##### Data extracts #####

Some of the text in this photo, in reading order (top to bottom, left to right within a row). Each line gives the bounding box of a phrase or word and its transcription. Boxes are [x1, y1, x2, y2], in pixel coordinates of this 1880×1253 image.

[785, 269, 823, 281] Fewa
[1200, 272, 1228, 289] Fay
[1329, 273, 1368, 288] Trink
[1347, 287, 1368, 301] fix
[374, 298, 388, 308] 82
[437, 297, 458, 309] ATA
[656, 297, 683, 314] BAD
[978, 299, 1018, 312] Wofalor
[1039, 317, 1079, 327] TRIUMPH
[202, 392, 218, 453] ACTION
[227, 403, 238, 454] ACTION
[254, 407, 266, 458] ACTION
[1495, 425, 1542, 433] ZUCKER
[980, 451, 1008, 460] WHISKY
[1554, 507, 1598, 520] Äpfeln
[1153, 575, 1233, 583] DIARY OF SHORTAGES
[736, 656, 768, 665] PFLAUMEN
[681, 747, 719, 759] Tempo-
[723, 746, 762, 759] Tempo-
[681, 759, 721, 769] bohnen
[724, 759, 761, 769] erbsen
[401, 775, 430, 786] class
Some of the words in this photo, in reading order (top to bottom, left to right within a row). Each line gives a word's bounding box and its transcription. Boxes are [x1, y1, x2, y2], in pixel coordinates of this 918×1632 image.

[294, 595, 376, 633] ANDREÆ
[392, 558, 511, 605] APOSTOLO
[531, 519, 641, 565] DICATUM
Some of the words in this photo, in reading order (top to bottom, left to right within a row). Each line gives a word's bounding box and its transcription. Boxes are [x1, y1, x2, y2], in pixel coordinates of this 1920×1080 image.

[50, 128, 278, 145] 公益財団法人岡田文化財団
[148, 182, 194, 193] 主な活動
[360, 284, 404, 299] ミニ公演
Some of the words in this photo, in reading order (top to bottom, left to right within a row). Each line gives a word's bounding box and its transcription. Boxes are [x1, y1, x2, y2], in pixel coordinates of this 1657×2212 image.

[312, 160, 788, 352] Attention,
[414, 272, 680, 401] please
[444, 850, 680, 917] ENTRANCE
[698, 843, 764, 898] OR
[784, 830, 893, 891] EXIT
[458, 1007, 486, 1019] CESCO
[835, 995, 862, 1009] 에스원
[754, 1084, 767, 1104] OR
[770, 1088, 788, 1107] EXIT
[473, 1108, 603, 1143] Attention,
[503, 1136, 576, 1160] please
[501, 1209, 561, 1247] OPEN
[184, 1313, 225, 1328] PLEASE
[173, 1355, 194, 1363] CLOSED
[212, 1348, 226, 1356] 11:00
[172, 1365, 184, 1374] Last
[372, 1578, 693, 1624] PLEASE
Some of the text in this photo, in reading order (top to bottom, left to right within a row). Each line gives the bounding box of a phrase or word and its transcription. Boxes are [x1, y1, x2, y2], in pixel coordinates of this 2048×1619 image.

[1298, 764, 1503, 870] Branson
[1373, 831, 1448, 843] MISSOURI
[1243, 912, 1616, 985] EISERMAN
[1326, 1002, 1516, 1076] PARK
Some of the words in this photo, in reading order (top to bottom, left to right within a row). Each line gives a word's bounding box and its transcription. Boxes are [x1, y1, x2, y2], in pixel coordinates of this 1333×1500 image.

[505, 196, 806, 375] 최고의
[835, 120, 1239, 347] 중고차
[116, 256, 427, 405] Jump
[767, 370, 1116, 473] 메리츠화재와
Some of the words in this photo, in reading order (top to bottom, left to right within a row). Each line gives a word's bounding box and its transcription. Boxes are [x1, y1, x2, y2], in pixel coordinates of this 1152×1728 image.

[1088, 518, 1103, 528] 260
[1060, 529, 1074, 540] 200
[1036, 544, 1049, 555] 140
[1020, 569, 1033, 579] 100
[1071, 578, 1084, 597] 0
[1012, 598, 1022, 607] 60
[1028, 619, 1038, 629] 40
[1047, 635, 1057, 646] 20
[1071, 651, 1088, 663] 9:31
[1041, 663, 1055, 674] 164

#####

• **Exercise**:
Only exact copies of the lines from the one containing "this 1333×1500 image." to the end of the records belong in the answer.

• **Completed exercise**:
Some of the words in this photo, in reading order (top to bottom, left to right within a row). Each line gives a word's bounding box and its transcription. Boxes are [x1, y1, x2, y2], in pixel coordinates of this 1333×1500 image.

[505, 196, 806, 375] 최고의
[835, 120, 1239, 347] 중고차
[116, 256, 427, 405] Jump
[767, 370, 1116, 473] 메리츠화재와
Some of the words in this photo, in reading order (top to bottom, left to right within a row). Each line gives a word's bounding box and its transcription. Boxes are [x1, y1, x2, y2], in pixel coordinates of this 1152×1728 image.

[1088, 518, 1103, 528] 260
[1060, 529, 1074, 540] 200
[1036, 544, 1049, 555] 140
[1020, 569, 1033, 579] 100
[1071, 578, 1084, 597] 0
[1012, 598, 1022, 607] 60
[1028, 619, 1038, 629] 40
[1047, 635, 1057, 646] 20
[1071, 651, 1088, 663] 9:31
[1041, 663, 1055, 674] 164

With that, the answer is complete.